O Presidente queniano William Ruto ordenou o destacamento do exército para reforçar uma operação de segurança contra pistoleiros não identificados responsáveis por mais de uma centena de mortes na região do Vale do Rift no norte nos últimos meses.
O decreto, publicado no jornal oficial «The Kenya Gazette», salienta que os militares serão destacados a partir de quarta-feira «em apoio do Serviço Nacional de Polícia em resposta à emergência de segurança nos condados de Turkana, West Pokot, Elgeyo, Marakwet, Baringo, Laikipia e Samburu devido a incidentes de banditismo».
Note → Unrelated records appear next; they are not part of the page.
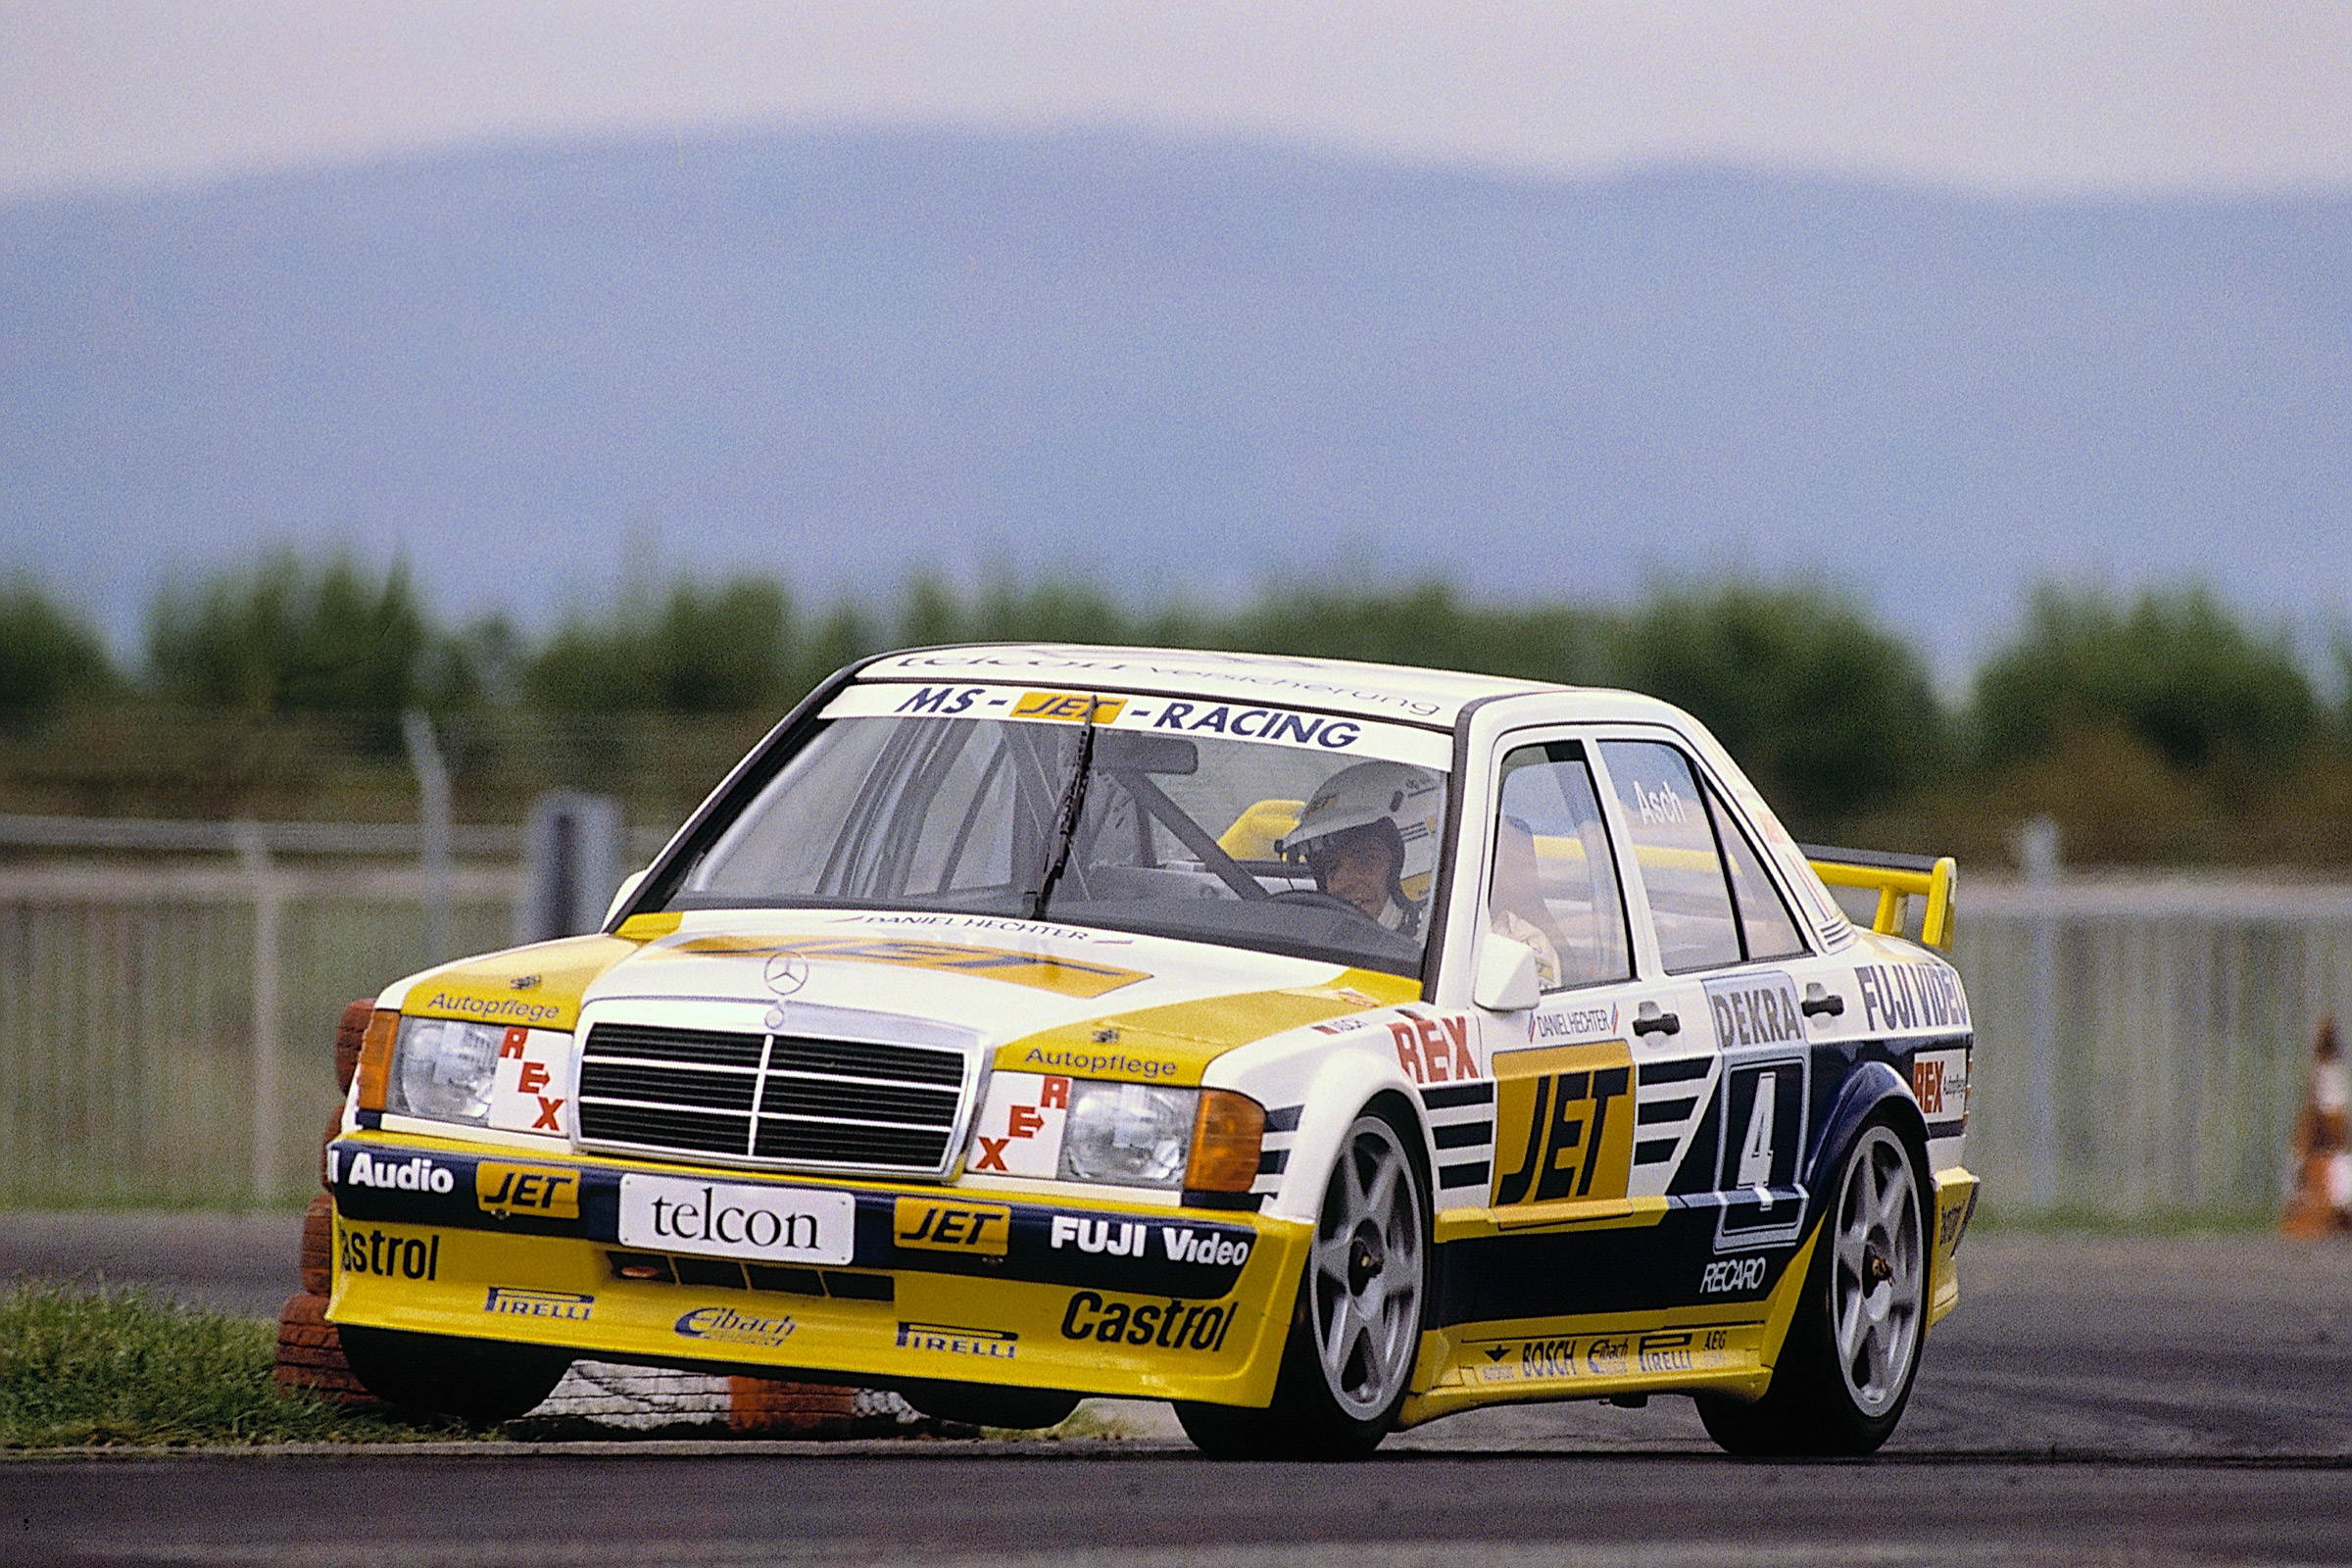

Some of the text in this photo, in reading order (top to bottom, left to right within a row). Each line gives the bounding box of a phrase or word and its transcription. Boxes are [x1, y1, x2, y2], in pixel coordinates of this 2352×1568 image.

[1015, 696, 1120, 717] JET
[1634, 780, 1687, 824] Asch
[866, 916, 1089, 941] DANIEL HECHTER
[427, 991, 561, 1021] Autopflege
[1711, 986, 1802, 1048] DEKRA
[1854, 964, 1918, 1032] FUJI
[1537, 1009, 1611, 1038] DANIEL HECHTER
[1024, 1048, 1177, 1078] Autopflege
[1387, 1015, 1480, 1085] REX
[1914, 1060, 1944, 1113] REX
[1495, 1066, 1631, 1207] JET
[1736, 1071, 1777, 1212] 4
[348, 1152, 455, 1194] Audio
[483, 1171, 573, 1209] JET
[651, 1187, 821, 1250] telcon
[900, 1207, 1003, 1246] JET
[340, 1229, 440, 1281] strol
[1051, 1215, 1250, 1267] FUJI Video
[1699, 1256, 1767, 1294] RECARO
[484, 1286, 596, 1320] PIRELLI
[673, 1306, 796, 1339] Eibach
[1060, 1290, 1239, 1352] Castrol
[896, 1321, 1019, 1359] PIRELLI
[1522, 1340, 1577, 1377] BOSCH
[1638, 1333, 1692, 1372] PIRELLI
[1702, 1330, 1727, 1351] AEG
O Ministro do Interior Kindiki Kithure declarou na segunda-feira um recolher obrigatório de 30 dias em partes de seis condados da região, devido à «situação de segurança», que ele considerou «uma emergência nacional». «Medidas dolorosas e decisivas devem ser tomadas imediatamente», sublinhou ele numa declaração.
Assim, Kithure especificou que «durante os últimos seis meses, mais de 100 civis e 16 polícias foram brutalmente mortos por bandidos saqueadores e terroristas saqueadores de gado na região do Vale do Rift».
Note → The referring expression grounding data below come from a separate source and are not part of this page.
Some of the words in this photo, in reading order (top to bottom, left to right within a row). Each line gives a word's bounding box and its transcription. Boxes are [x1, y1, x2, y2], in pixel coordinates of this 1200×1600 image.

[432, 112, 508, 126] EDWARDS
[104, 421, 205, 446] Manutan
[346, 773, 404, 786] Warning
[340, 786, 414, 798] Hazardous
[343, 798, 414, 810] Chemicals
«Estes bandos assassinos intensificaram nos últimos dias o seu terror contra quenianos inocentes e agências de segurança e, no processo, incendiaram escolas, veículos da polícia e outros bens sociais. Centenas de quenianos foram deslocados das suas casas pelos ataques», lamentou ele.
Assim, apelou a «todas as pessoas» que «tenham armas de fogo ou munições ilegais» a «entregá-las imediata e incondicionalmente» no prazo de três dias. «Se não o fizerem, os culpados enfrentarão toda a força da lei», disse ele.